Exercise goal —
Each record is to be copied exactly as written.

*** Begin section ***

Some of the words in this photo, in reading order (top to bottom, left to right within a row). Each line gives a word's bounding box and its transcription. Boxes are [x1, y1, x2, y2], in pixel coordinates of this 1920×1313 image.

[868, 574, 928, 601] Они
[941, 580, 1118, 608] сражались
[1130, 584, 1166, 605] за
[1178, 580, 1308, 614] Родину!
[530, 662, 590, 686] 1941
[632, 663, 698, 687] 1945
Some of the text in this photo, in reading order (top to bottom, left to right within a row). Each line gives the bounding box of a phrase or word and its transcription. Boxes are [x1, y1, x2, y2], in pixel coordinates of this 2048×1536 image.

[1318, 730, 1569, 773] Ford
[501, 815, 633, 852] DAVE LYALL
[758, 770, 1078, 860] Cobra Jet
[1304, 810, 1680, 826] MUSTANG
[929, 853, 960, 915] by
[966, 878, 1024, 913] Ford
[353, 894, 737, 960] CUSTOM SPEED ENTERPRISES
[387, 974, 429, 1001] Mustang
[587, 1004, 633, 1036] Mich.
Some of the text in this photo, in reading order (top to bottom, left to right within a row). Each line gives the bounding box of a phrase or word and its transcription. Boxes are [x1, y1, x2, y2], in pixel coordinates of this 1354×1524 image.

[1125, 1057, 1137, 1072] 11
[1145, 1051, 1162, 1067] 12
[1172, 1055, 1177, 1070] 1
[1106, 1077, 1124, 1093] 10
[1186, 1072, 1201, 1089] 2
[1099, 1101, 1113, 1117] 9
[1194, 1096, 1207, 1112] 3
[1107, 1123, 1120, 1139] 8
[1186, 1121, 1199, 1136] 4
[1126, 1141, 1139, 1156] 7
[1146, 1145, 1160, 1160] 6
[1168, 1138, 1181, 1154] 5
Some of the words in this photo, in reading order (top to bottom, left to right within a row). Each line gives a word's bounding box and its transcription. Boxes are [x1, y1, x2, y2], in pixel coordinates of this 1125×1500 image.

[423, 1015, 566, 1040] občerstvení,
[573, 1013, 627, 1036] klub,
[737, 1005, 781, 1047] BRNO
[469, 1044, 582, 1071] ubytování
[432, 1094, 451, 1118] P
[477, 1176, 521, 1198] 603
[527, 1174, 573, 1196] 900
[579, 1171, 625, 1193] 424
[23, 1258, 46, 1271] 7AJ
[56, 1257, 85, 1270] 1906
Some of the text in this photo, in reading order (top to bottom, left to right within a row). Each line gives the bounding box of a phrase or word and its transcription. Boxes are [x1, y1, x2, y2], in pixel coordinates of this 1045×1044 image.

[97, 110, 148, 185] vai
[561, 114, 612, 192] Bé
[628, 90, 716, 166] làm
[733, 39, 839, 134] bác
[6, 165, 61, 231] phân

*** End section ***

Solution —
Some of the words in this photo, in reading order (top to bottom, left to right within a row). Each line gives a word's bounding box and its transcription. Boxes are [x1, y1, x2, y2], in pixel coordinates of this 1920×1313 image.

[868, 574, 928, 601] Они
[941, 580, 1118, 608] сражались
[1130, 584, 1166, 605] за
[1178, 580, 1308, 614] Родину!
[530, 662, 590, 686] 1941
[632, 663, 698, 687] 1945
Some of the text in this photo, in reading order (top to bottom, left to right within a row). Each line gives the bounding box of a phrase or word and its transcription. Boxes are [x1, y1, x2, y2], in pixel coordinates of this 2048×1536 image.

[1318, 730, 1569, 773] Ford
[501, 815, 633, 852] DAVE LYALL
[758, 770, 1078, 860] Cobra Jet
[1304, 810, 1680, 826] MUSTANG
[929, 853, 960, 915] by
[966, 878, 1024, 913] Ford
[353, 894, 737, 960] CUSTOM SPEED ENTERPRISES
[387, 974, 429, 1001] Mustang
[587, 1004, 633, 1036] Mich.
Some of the text in this photo, in reading order (top to bottom, left to right within a row). Each line gives the bounding box of a phrase or word and its transcription. Boxes are [x1, y1, x2, y2], in pixel coordinates of this 1354×1524 image.

[1125, 1057, 1137, 1072] 11
[1145, 1051, 1162, 1067] 12
[1172, 1055, 1177, 1070] 1
[1106, 1077, 1124, 1093] 10
[1186, 1072, 1201, 1089] 2
[1099, 1101, 1113, 1117] 9
[1194, 1096, 1207, 1112] 3
[1107, 1123, 1120, 1139] 8
[1186, 1121, 1199, 1136] 4
[1126, 1141, 1139, 1156] 7
[1146, 1145, 1160, 1160] 6
[1168, 1138, 1181, 1154] 5
Some of the words in this photo, in reading order (top to bottom, left to right within a row). Each line gives a word's bounding box and its transcription. Boxes are [x1, y1, x2, y2], in pixel coordinates of this 1125×1500 image.

[423, 1015, 566, 1040] občerstvení,
[573, 1013, 627, 1036] klub,
[737, 1005, 781, 1047] BRNO
[469, 1044, 582, 1071] ubytování
[432, 1094, 451, 1118] P
[477, 1176, 521, 1198] 603
[527, 1174, 573, 1196] 900
[579, 1171, 625, 1193] 424
[23, 1258, 46, 1271] 7AJ
[56, 1257, 85, 1270] 1906
Some of the text in this photo, in reading order (top to bottom, left to right within a row). Each line gives the bounding box of a phrase or word and its transcription. Boxes are [x1, y1, x2, y2], in pixel coordinates of this 1045×1044 image.

[97, 110, 148, 185] vai
[561, 114, 612, 192] Bé
[628, 90, 716, 166] làm
[733, 39, 839, 134] bác
[6, 165, 61, 231] phân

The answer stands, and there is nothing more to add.